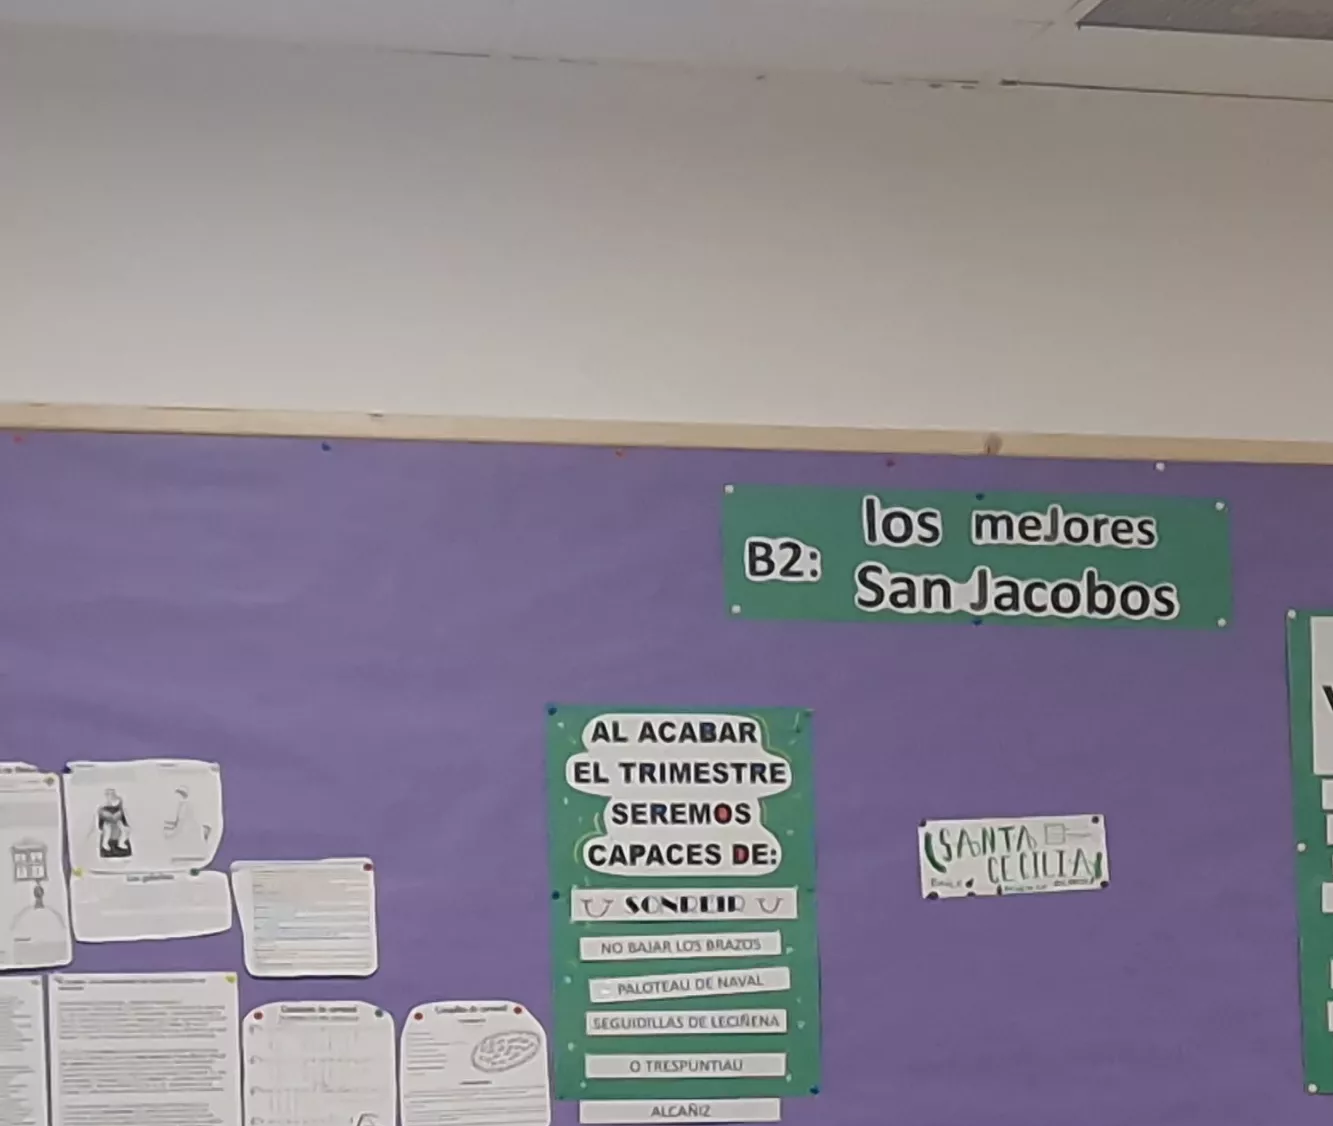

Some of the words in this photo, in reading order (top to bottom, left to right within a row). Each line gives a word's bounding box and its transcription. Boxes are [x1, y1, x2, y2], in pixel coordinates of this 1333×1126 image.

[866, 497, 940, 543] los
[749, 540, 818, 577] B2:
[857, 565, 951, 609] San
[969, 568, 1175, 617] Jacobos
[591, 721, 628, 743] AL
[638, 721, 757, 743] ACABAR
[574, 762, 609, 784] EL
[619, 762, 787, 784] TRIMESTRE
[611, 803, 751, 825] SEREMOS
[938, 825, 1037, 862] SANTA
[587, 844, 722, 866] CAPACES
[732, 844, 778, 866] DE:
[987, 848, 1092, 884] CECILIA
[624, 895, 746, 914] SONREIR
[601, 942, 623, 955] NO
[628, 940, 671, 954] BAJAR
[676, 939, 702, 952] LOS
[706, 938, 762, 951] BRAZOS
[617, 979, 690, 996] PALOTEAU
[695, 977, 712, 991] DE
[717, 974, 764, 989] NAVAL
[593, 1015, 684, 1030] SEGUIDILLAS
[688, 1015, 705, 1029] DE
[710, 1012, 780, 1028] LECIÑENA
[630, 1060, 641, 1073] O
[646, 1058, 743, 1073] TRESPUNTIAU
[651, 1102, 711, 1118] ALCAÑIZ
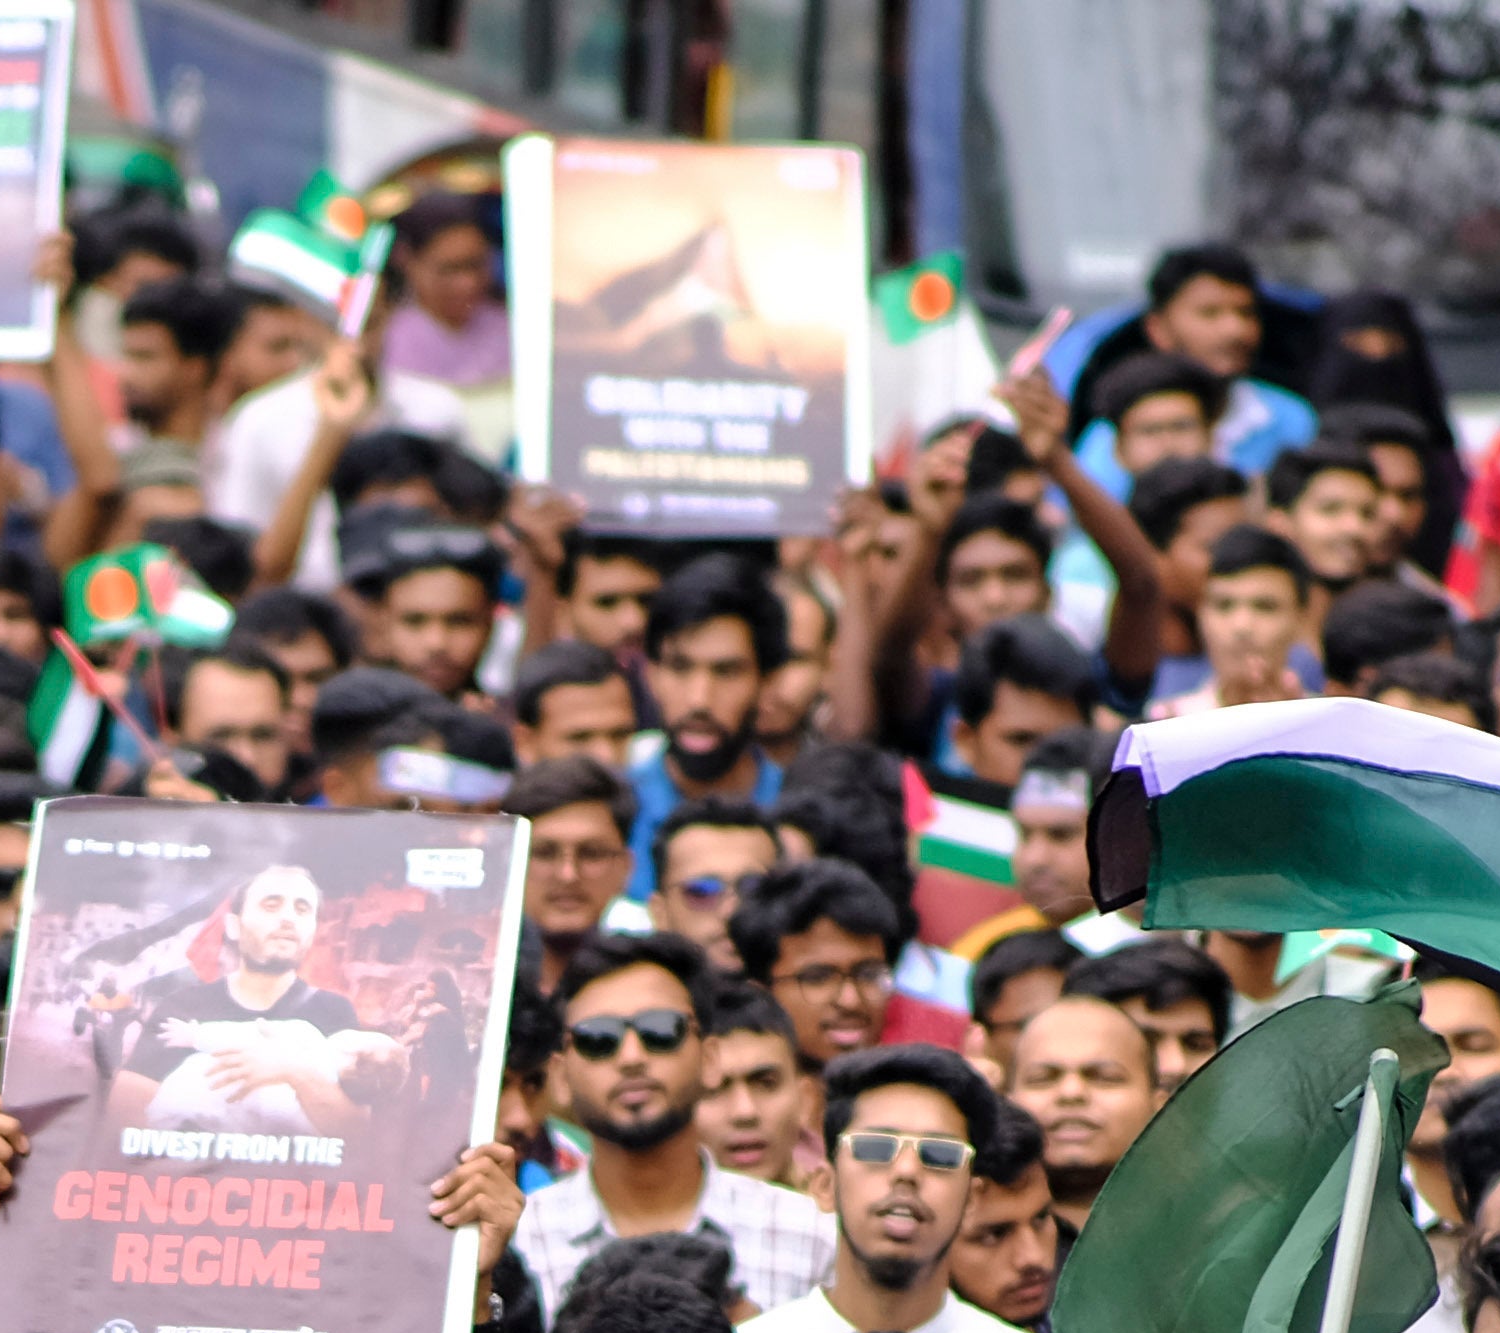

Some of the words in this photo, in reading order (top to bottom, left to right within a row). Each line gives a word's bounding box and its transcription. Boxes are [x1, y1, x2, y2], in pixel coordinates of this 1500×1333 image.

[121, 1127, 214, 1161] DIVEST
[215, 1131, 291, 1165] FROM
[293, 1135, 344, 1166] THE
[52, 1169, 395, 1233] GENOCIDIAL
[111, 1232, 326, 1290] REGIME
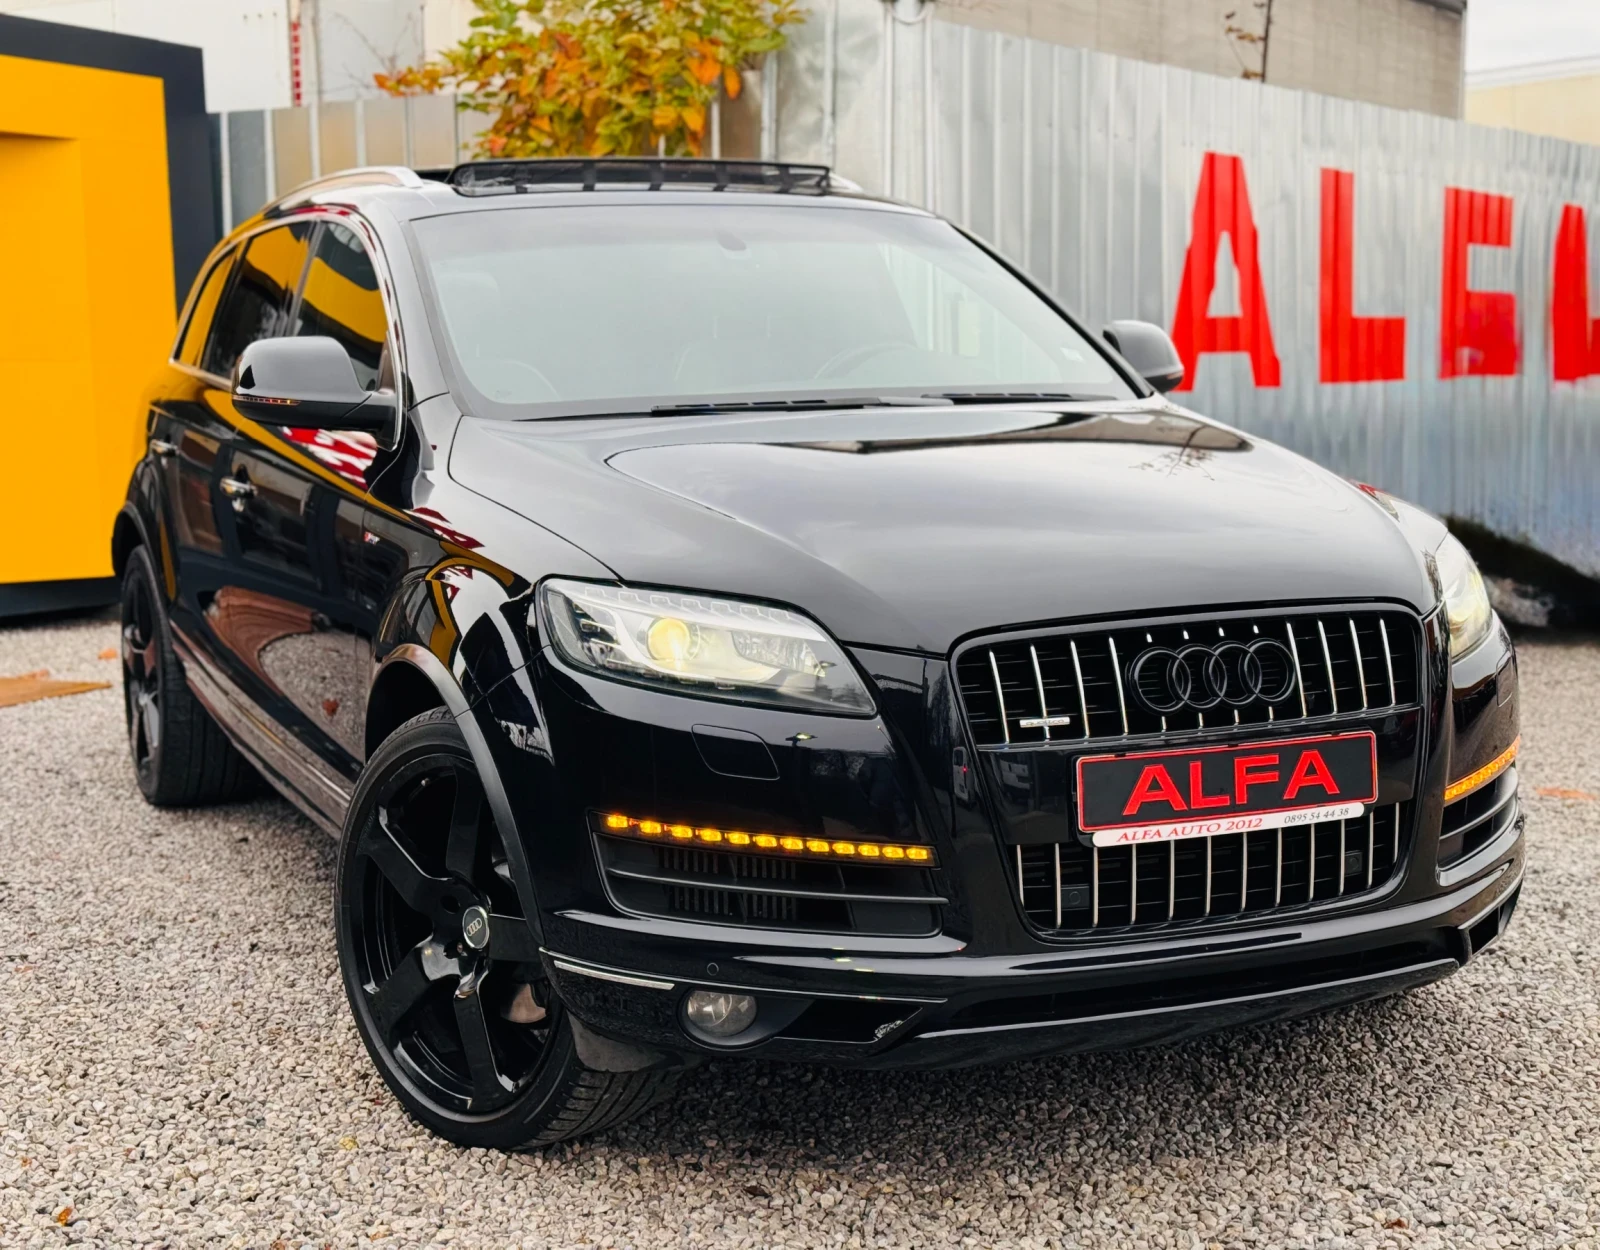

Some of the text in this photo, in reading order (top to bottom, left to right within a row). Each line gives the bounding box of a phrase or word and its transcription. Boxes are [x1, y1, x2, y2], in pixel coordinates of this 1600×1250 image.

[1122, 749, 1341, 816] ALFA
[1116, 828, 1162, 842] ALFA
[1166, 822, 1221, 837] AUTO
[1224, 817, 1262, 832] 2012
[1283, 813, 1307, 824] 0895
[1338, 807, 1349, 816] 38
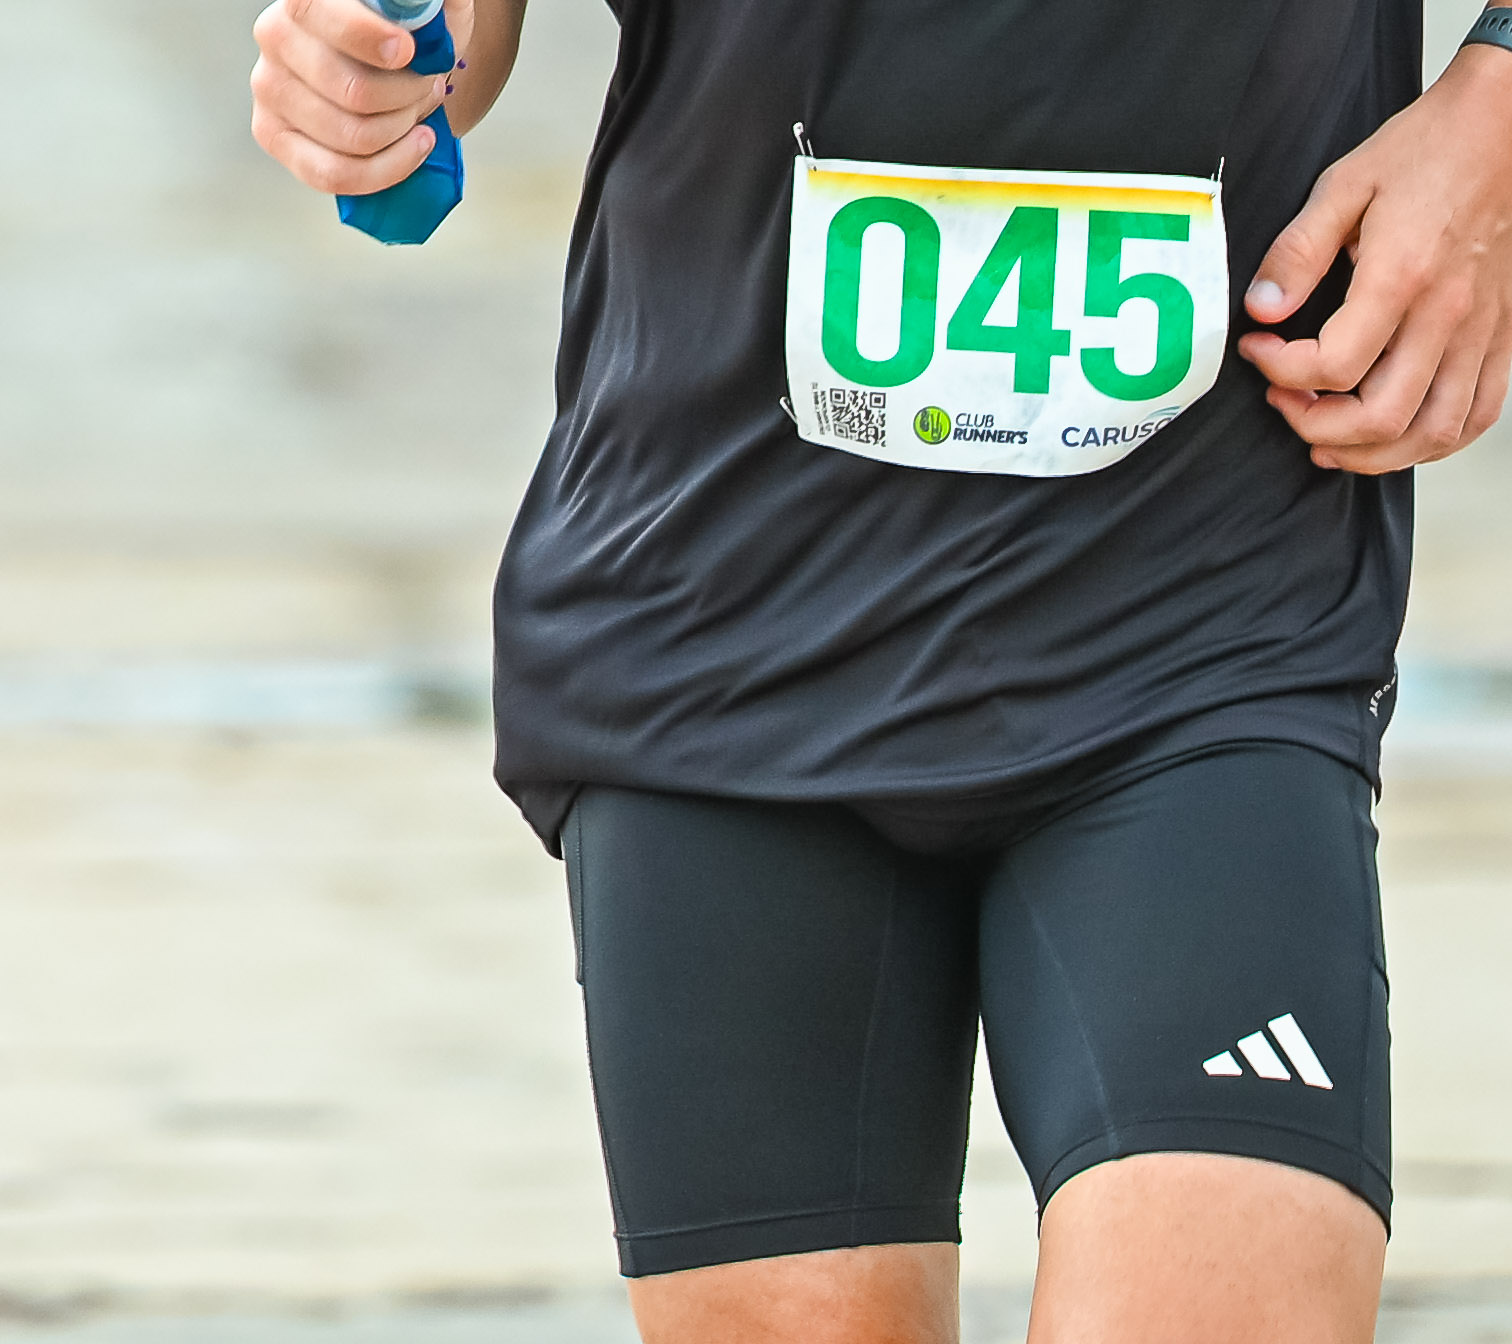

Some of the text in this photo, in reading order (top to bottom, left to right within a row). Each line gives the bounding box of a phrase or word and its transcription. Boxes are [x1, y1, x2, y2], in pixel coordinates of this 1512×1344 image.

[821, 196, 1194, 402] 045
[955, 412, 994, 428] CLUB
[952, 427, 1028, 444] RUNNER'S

____

▶ [PROBLEM STATEMENT] Each entry should come back exactly as written, with its pictures omitted.

▶ [ANSWER FOR THIS EXERCISE]
Some of the words in this photo, in reading order (top to bottom, left to right within a row). Each line gives a word's bounding box and its transcription. Boxes are [x1, y1, x2, y2], in pixel coordinates of this 1333×1126 image.

[866, 497, 940, 543] los
[749, 540, 818, 577] B2:
[857, 565, 951, 609] San
[969, 568, 1175, 617] Jacobos
[591, 721, 628, 743] AL
[638, 721, 757, 743] ACABAR
[574, 762, 609, 784] EL
[619, 762, 787, 784] TRIMESTRE
[611, 803, 751, 825] SEREMOS
[938, 825, 1037, 862] SANTA
[587, 844, 722, 866] CAPACES
[732, 844, 778, 866] DE:
[987, 848, 1092, 884] CECILIA
[624, 895, 746, 914] SONREIR
[601, 942, 623, 955] NO
[628, 940, 671, 954] BAJAR
[676, 939, 702, 952] LOS
[706, 938, 762, 951] BRAZOS
[617, 979, 690, 996] PALOTEAU
[695, 977, 712, 991] DE
[717, 974, 764, 989] NAVAL
[593, 1015, 684, 1030] SEGUIDILLAS
[688, 1015, 705, 1029] DE
[710, 1012, 780, 1028] LECIÑENA
[630, 1060, 641, 1073] O
[646, 1058, 743, 1073] TRESPUNTIAU
[651, 1102, 711, 1118] ALCAÑIZ

Some of the words in this photo, in reading order (top to bottom, left to right within a row). Each line gives a word's bounding box and its transcription. Boxes are [x1, y1, x2, y2], in pixel coordinates of this 1500×1333 image.

[121, 1127, 214, 1161] DIVEST
[215, 1131, 291, 1165] FROM
[293, 1135, 344, 1166] THE
[52, 1169, 395, 1233] GENOCIDIAL
[111, 1232, 326, 1290] REGIME

Some of the text in this photo, in reading order (top to bottom, left to right within a row). Each line gives the bounding box of a phrase or word and its transcription. Boxes are [x1, y1, x2, y2], in pixel coordinates of this 1600×1250 image.

[1122, 749, 1341, 816] ALFA
[1116, 828, 1162, 842] ALFA
[1166, 822, 1221, 837] AUTO
[1224, 817, 1262, 832] 2012
[1283, 813, 1307, 824] 0895
[1338, 807, 1349, 816] 38

Some of the text in this photo, in reading order (top to bottom, left to right within a row). Each line gives the bounding box of a phrase or word and its transcription. Boxes are [x1, y1, x2, y2], in pixel coordinates of this 1512×1344 image.

[821, 196, 1194, 402] 045
[955, 412, 994, 428] CLUB
[952, 427, 1028, 444] RUNNER'S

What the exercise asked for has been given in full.